Peter Hoff: Reckoning with Big Data

Portrait of Duke Professor Peter Hoff
Peter Hoff creates statistical tools to interpret data across disciplines. Photo by John Joyner/Duke University Photography

Duke statistician Peter Hoff finds great beauty in his chosen field: the precision, the order, the binary, true or false outcomes. But for him, statistics is also a gateway to a much larger world.

 “To me, statistics is ultimately trying to address the problem of how we learn about the world around us,” Hoff said. “If you are a statistician and you develop an interesting statistical method, it could be applicable to biology, to social sciences, to physical sciences. You get exposure and you get to learn about all these different disciplines.”

Hoff, who joined the Duke Department of Statistical Science in July after 16 years on the faculty at the University of Washington, specializes in building statistical tools to analyze network or “relational” data. These types of data, which document the complex, changing sets of interactions between different individuals within a group, are currently popping up in all areas of research, from the social sciences to genomics.

Hoff’s tools are designed to extract patterns and meaning from these wide-ranging subjects, which can vary from friendships within social networks and relationships between countries on the international stage, to interactions between different sets of proteins within a cell.

“I’m interested in trying to understand patterns in these networks, and also what factors lead to the formation of ties between people, between countries, between objects in general,” he said.

Born in Michigan and raised in Indiana, Hoff always enjoyed math and science. But he first fell in love with statistics as a discipline while an undergraduate at Indiana University.

“Statistics ended up being the perfect thing for me because it was a way to do math and computation, which I enjoy aesthetically, but also it’s an avenue through which I can learn about lots of different types of science,” Hoff said.

After earning a doctorate in statistics at the University of Wisconsin, he joined the faculty at the University of Washington-Seattle in 2000. While there, he authored an introductory text on Bayesian Statistics, and started building tools for making sense of twenty-first century data.

“The types of data that people are gathering now are different than the types of data that people gathered ten, twenty years ago,” Hoff said. “And so any time you have a new data structure, a new type of data, you need to develop new statistical methodologies for it.”

One of the beauties of creating these statistical tools, he says, is that sometimes the same approach can be applied to a great variety of subjects.
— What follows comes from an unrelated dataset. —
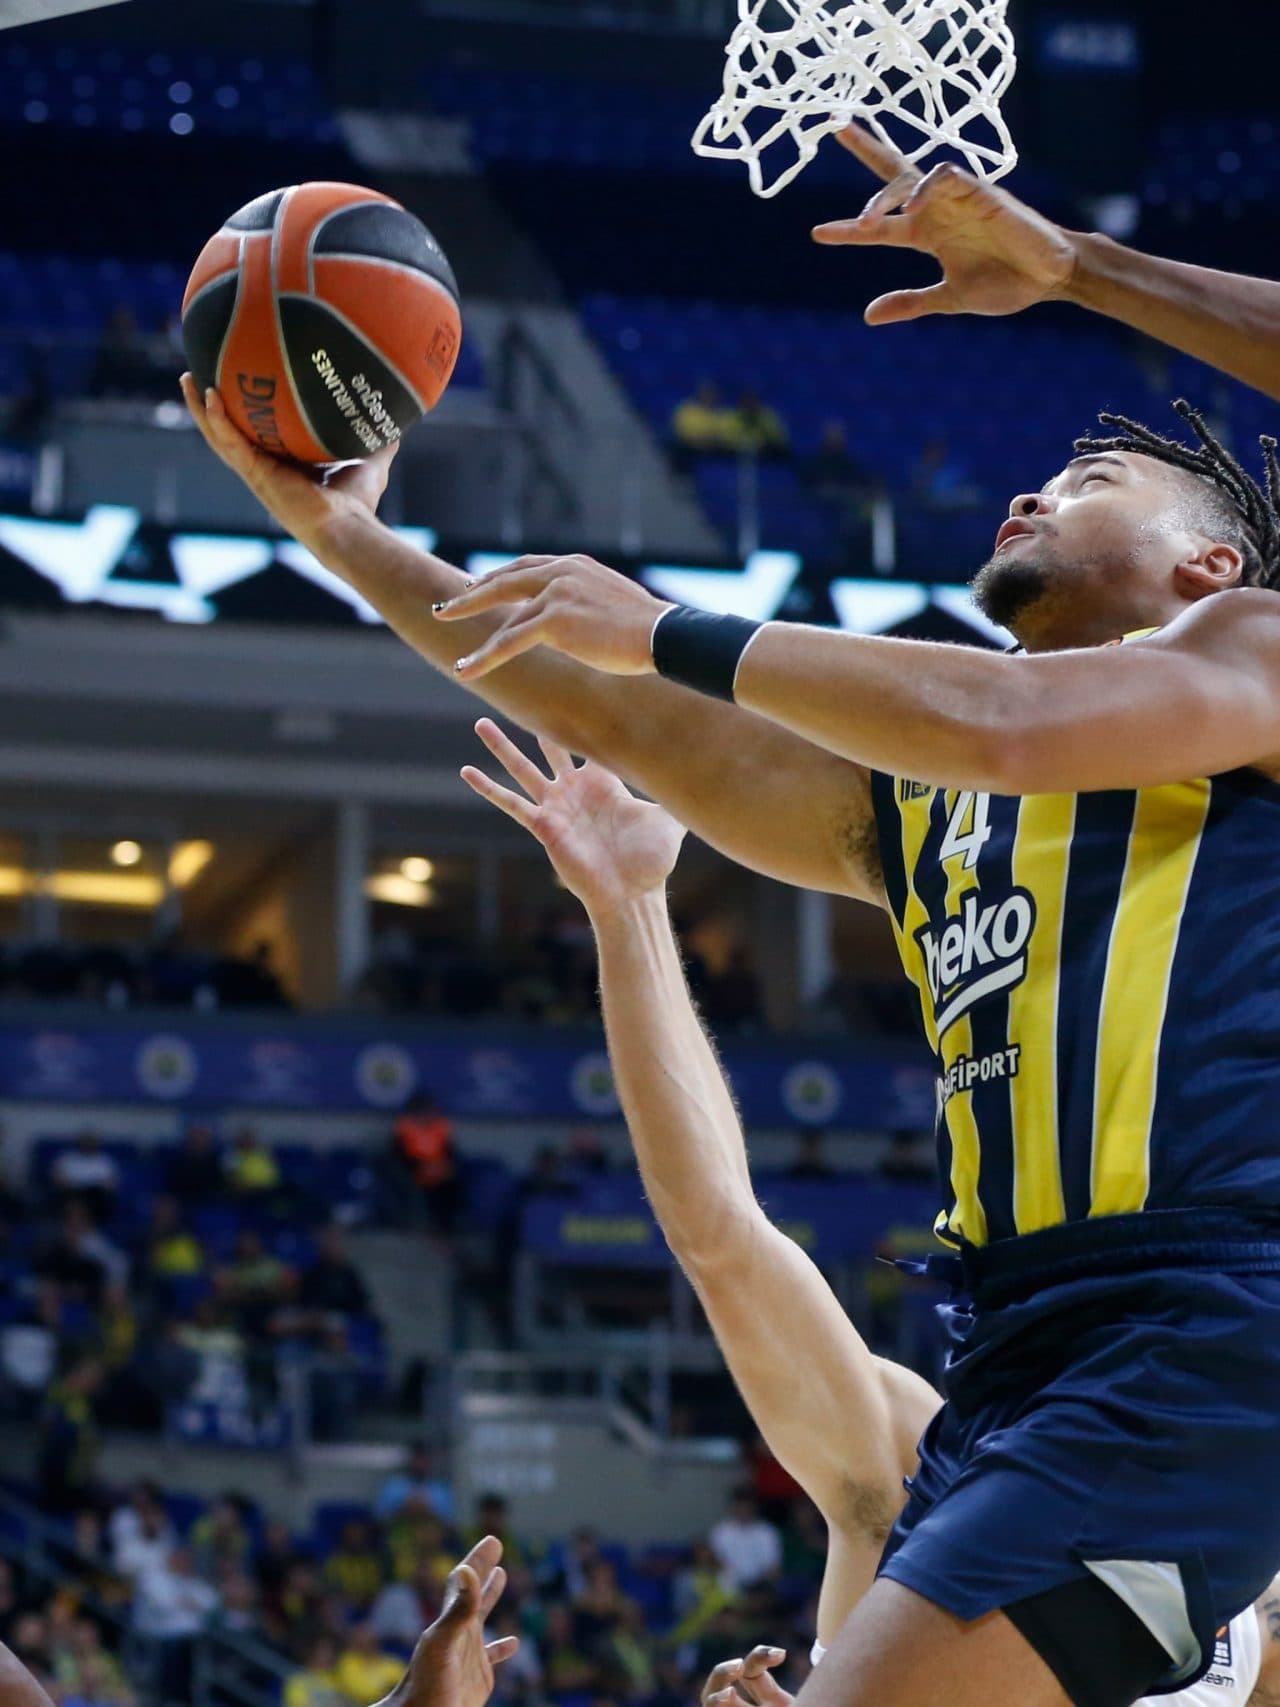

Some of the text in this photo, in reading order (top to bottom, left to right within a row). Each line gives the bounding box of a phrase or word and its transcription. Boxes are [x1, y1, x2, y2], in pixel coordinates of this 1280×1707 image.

[311, 348, 360, 418] AIRLINES
[938, 791, 992, 869] 4
[920, 894, 1032, 1003] beko
He recently created a tool to sift out the correlations between gene expression levels of Leukemia patients that is now being applied to a fruit fly’s metabolism changes throughout the life cycle.

Hoff was brought to Duke as part of the Provost’s Quantitative Initiative, a $10 million dollar investment in hiring world-class faculty specializing in statistics, mathematics, computer science and engineering. The initiative has a particular emphasis on attracting interdisciplinary researchers who are likely to have a broad impact across multiple disciplines at Duke, including the physical sciences, social sciences, engineering and medicine.
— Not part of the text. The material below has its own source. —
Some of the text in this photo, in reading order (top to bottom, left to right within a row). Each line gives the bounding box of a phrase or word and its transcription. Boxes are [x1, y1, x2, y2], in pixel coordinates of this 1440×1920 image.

“Peter Hoff is an outstanding representation of what the quantitative initiative hopes to achieve,” said Lawrence Carin, Vice Provost for Research at Duke. “He’s one of the foremost statisticians in the world, and his research touches many other disciplines beyond statistics, particularly the social sciences and health.”
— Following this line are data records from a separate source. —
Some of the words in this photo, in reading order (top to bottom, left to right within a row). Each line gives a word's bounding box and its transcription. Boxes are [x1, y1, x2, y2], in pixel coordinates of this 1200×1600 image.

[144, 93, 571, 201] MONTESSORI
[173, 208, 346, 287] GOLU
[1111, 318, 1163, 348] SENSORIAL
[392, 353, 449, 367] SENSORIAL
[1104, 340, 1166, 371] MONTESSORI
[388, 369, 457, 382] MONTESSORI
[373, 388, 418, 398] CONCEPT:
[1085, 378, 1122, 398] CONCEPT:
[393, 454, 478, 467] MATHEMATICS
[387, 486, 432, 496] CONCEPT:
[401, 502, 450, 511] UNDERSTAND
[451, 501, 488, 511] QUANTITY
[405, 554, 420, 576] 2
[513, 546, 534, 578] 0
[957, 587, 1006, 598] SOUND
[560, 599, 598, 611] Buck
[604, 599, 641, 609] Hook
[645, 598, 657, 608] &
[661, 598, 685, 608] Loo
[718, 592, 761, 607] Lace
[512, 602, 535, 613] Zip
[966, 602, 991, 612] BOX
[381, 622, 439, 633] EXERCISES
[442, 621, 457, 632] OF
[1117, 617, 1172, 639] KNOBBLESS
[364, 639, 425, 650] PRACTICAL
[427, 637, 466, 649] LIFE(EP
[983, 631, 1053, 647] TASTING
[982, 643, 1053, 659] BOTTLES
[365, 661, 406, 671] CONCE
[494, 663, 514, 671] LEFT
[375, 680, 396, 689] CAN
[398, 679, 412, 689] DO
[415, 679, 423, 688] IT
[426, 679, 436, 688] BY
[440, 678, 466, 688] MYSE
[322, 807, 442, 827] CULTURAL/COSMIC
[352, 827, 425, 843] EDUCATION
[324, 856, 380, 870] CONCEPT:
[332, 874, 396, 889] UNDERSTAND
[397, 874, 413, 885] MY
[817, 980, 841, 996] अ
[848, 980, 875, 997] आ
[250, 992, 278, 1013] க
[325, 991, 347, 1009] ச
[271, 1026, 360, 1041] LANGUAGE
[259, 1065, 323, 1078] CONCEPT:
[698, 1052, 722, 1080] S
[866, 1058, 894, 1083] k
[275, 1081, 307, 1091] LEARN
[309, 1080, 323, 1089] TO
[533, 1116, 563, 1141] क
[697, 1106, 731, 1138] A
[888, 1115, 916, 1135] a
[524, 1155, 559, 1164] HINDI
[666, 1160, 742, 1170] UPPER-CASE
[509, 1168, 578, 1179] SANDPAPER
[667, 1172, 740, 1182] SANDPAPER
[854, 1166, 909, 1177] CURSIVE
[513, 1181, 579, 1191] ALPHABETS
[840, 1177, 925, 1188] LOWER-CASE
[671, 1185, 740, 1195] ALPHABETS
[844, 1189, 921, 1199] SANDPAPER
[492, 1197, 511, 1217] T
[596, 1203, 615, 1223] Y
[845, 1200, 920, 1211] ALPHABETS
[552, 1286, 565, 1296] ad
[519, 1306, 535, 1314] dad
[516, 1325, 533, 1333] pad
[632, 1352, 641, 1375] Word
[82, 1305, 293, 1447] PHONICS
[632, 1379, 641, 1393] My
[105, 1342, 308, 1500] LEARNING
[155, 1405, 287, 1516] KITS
Hoff isn’t only interested in data as an abstract entity. In his teaching at Duke he also wants to connect statistics students with the nitty-gritty of data gathering – either by pairing them with scientists, or by giving them the resources for building their own simple devices to collect and analyze data.

“As a statistician, I often get the data after it has been gathered by other scientists,” he said. “I would like to try to develop some projects where students in statistics as well as students in other departments such as computer science, engineering or biology are working with the tools that actually gather the data. Having them involved not just with the data analysis but also seeing what it’s like to gather data, and seeing all the challenges there, would be a great educational activity.”

This interest in hands-on learning or “tinkering,” as he calls it, arose from basic woodworking projects with his nine-year-old son -- a passtime that he originally thought had no link to computer-bound world of statistics.

“We started by just building rudimentary boxes,” he said. “But gradually we started to make devices with temperature sensors or pressure sensors, things to gather data. And of course as soon as that happened I had to analyze the data.”